The herald of change is Dr Ovid Byron, a lepidopterist who follows the colony of butterflies. He seems to be everything Dellarobia is not; a complex being of whom she is in awe. He is highly educated, cultured, and brings in his wake a portable laboratory of highly technical scientific equipment and an entourage of college students and graduates.
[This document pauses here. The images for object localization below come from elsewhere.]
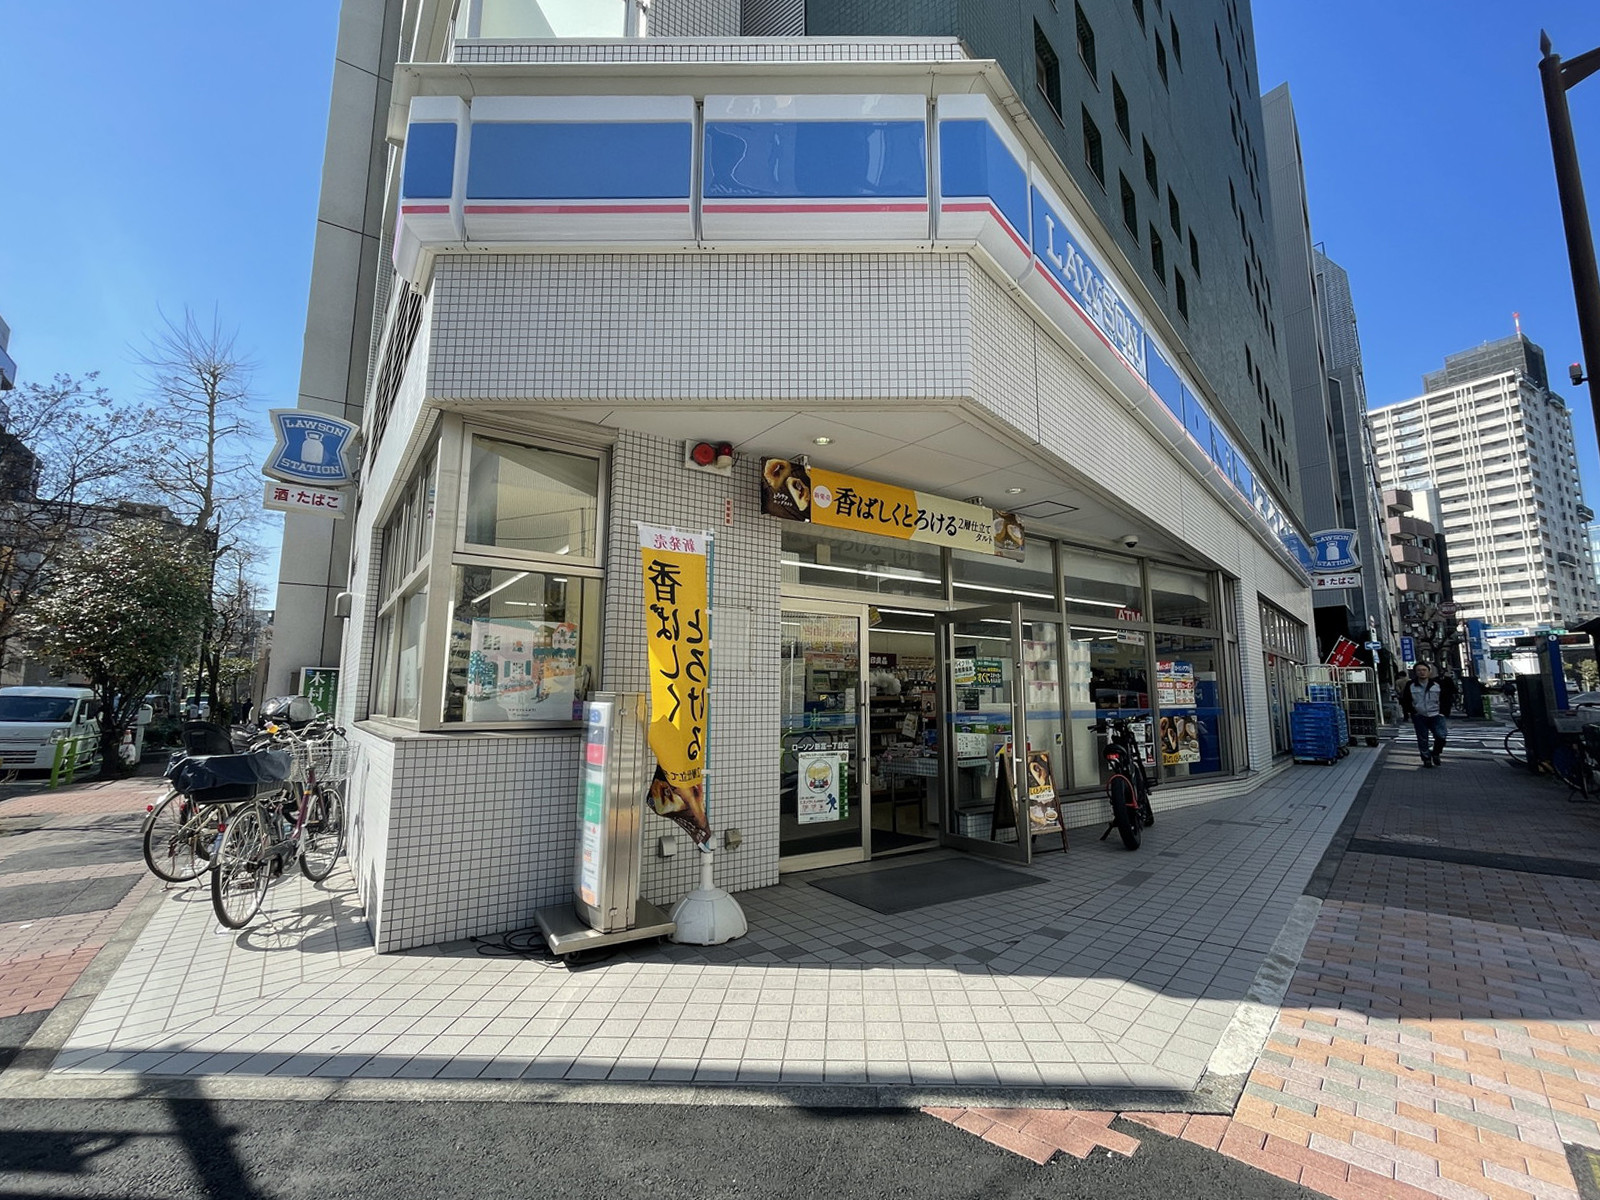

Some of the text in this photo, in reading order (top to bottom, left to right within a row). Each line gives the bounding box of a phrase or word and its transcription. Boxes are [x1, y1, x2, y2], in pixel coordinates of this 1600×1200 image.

[1045, 213, 1140, 364] LAWSON
[285, 419, 345, 438] LAWSON
[280, 457, 341, 475] STATION
[273, 487, 339, 509] 酒・たばこ
[834, 487, 957, 537] 香ばしくとろける
[1315, 533, 1350, 543] LAWSON
[1316, 558, 1352, 568] STATION
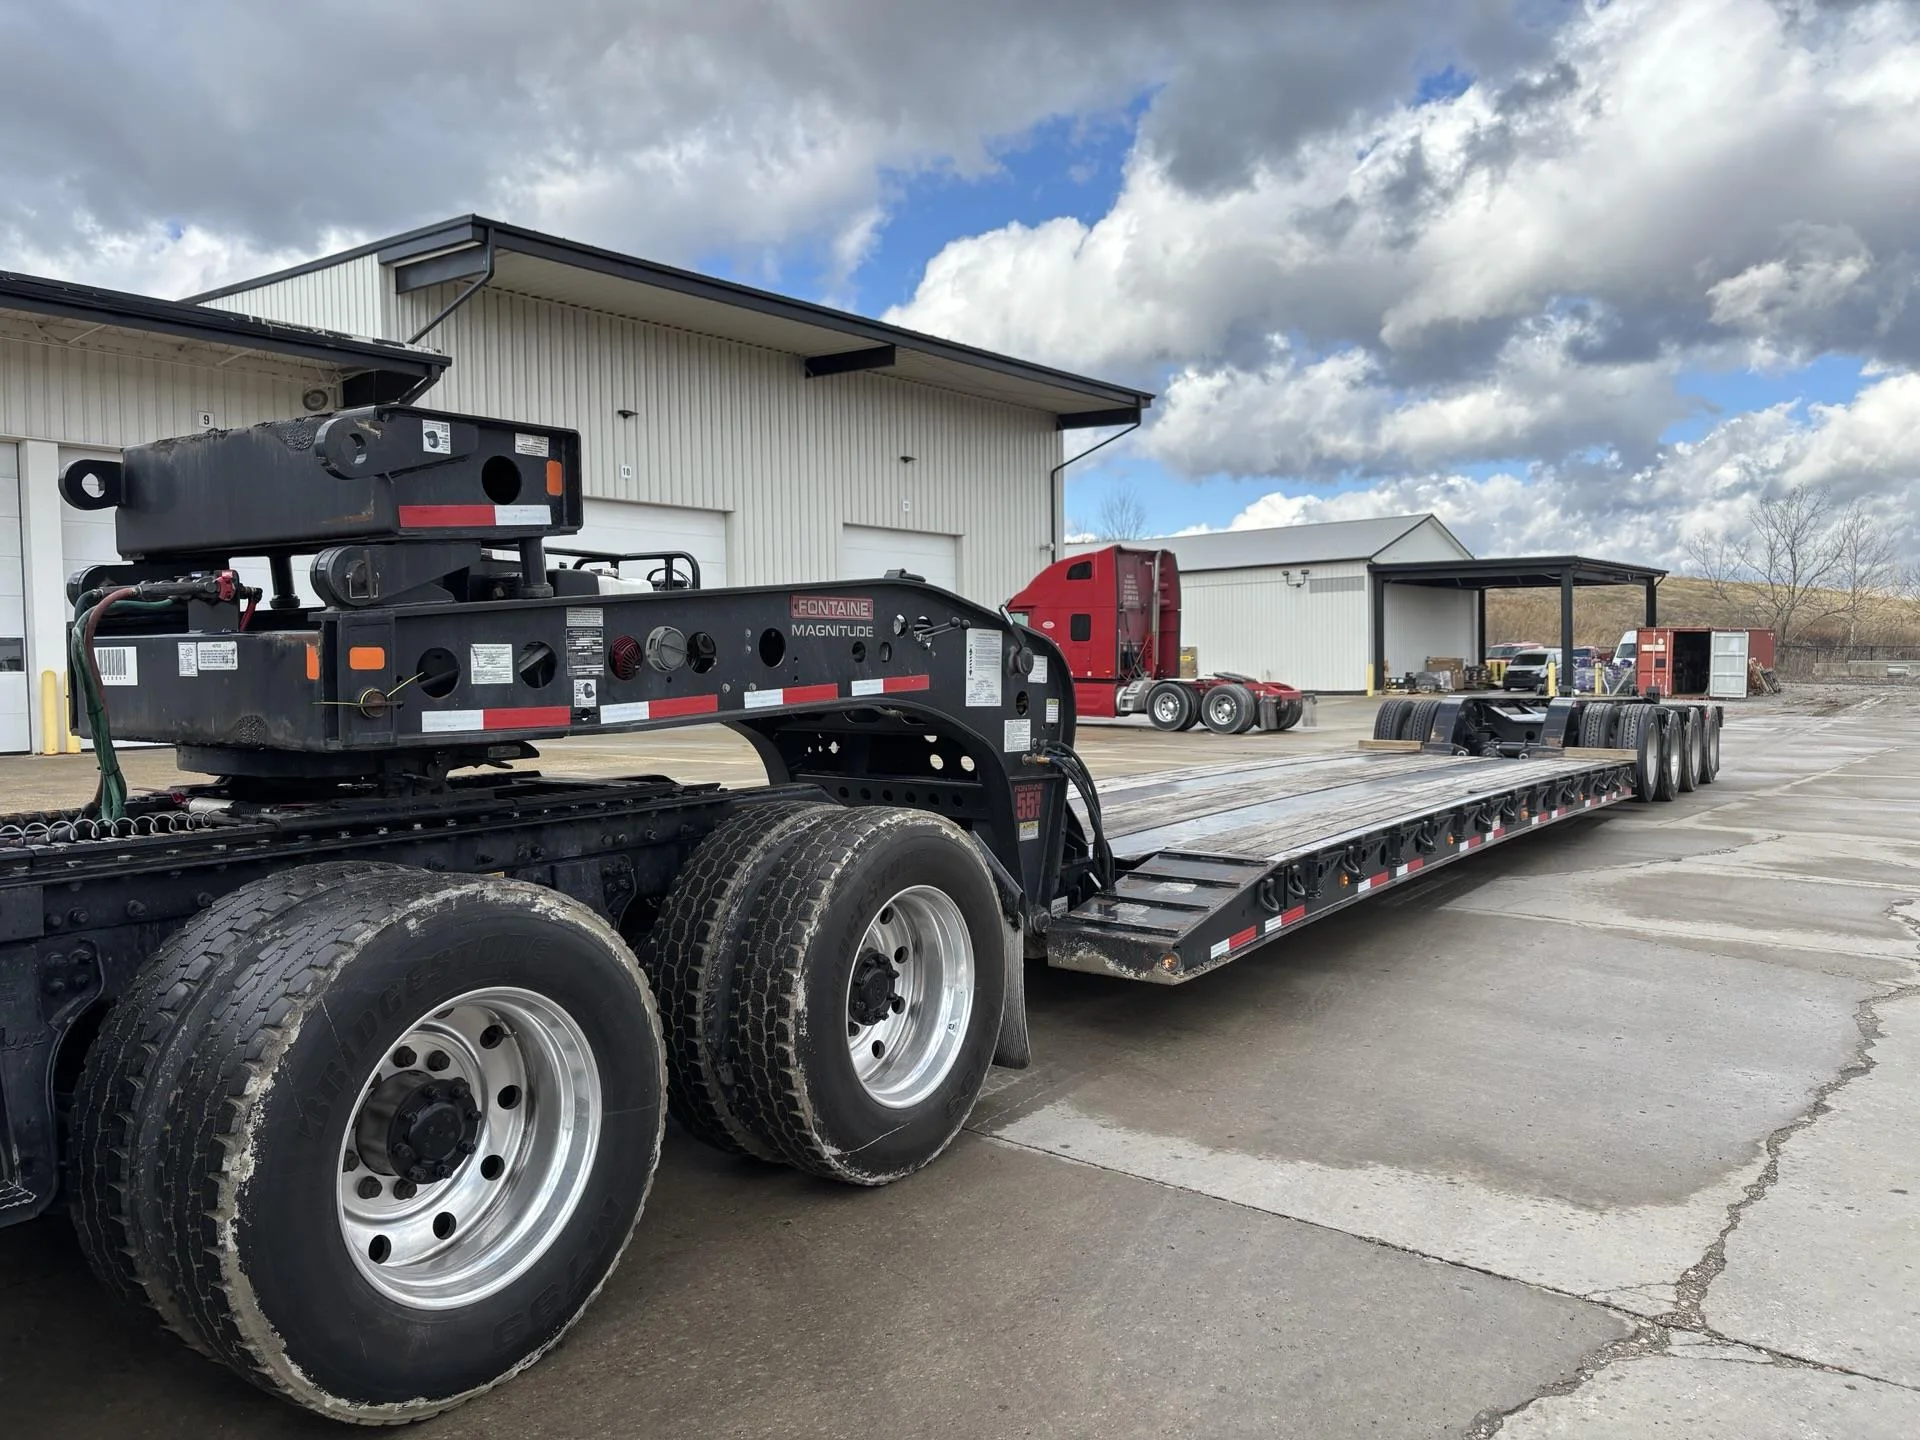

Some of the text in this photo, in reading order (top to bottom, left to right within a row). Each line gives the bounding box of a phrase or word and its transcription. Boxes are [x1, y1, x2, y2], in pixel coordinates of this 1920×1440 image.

It is at that most simple level of human interaction, the level of the name, that Ovid and Dellarobia begin to find some common ground. Ovid surprises Dellarobia with the revelation that her own name is as reminiscent of the high arts as his own. Slowly but surely, Ovid and the other scientists find that Dellarobia has hidden talents and a useful, practical kind of knowledge that they lack; and Dellarobia finds that science involves a lot of mundane, repetitive tasks she can help with, picking up more and more complex scientific knowledge as she spends time with the scientists who have landed, like the butterflies, in her backyard. What at first seems simple is actually complex, and what appears complex is essentially simple.
In art as in life, the most simple and the most complex characters are the children. Flight Behaviour contains two of the most authentically realised child characters since To Kill a Mockingbird. Preston and Cordelia are beguiling reminders that there is no such thing as a “normal child”. Fiveyear-old Preston is solemn, inquisitive, often shy, but occasionally exuberant about his new favourite subject, monarch butterflies. Like a lot of small children, Preston is canny at recognising an adult worthy of a child’s hero-worship, which he bestows upon Ovid at their first meeting. Preston’s bookishness and scientific fervour make him the oracle of his kindergarten class in all things butterfly-related.
Dellarobia’s youngest child, Cordelia, is loud, brash, supremely self-confident, and delightfully funny, providing much of the book’s comic relief. Not surprisingly, a good deal of the story’s poignancy comes from these vivid, wise, and wilful children. Dellarobia’s dread that Preston will grow up in a future without animals, a future rendered unrecognisable by climate change, is a most moving, real account of our impending doom.
The simplest truth of all is that Flight Behaviour lives or dies depending on the reader’s ability to identify with its complicated protagonist.
Flight Behaviour succeeds so emphatically because Dellarobia is every human, and every corner of her world becomes accessible through her. While the author’s warning of impending climatedriven calamity is blatantly obvious, it is Dellarobia who translates complicated global scientific concepts into local, familiar terms that she, and we, can fully appreciate. It is Dellarobia who much more subtly demonstrates that in the shadow of the global changes that occupy our collective mind, small changes also occur around us: children grow up, people we have underestimated surprise us, relationships strengthen or break down, people’s lives change direction, faith is lost or found.
Ultimately, Kingsolver leaves us with the most important question of all: “What was the use of saving a world that had no soul left in it? Continents without butterflies, seas without coral reef… What if all human effort amounted basically to saving a place for ourselves to park?” The interconnectedness of all nature’s creatures is a message that is sure to live on in the reader’s mind.
What was the use of saving a world that had no soul left in it?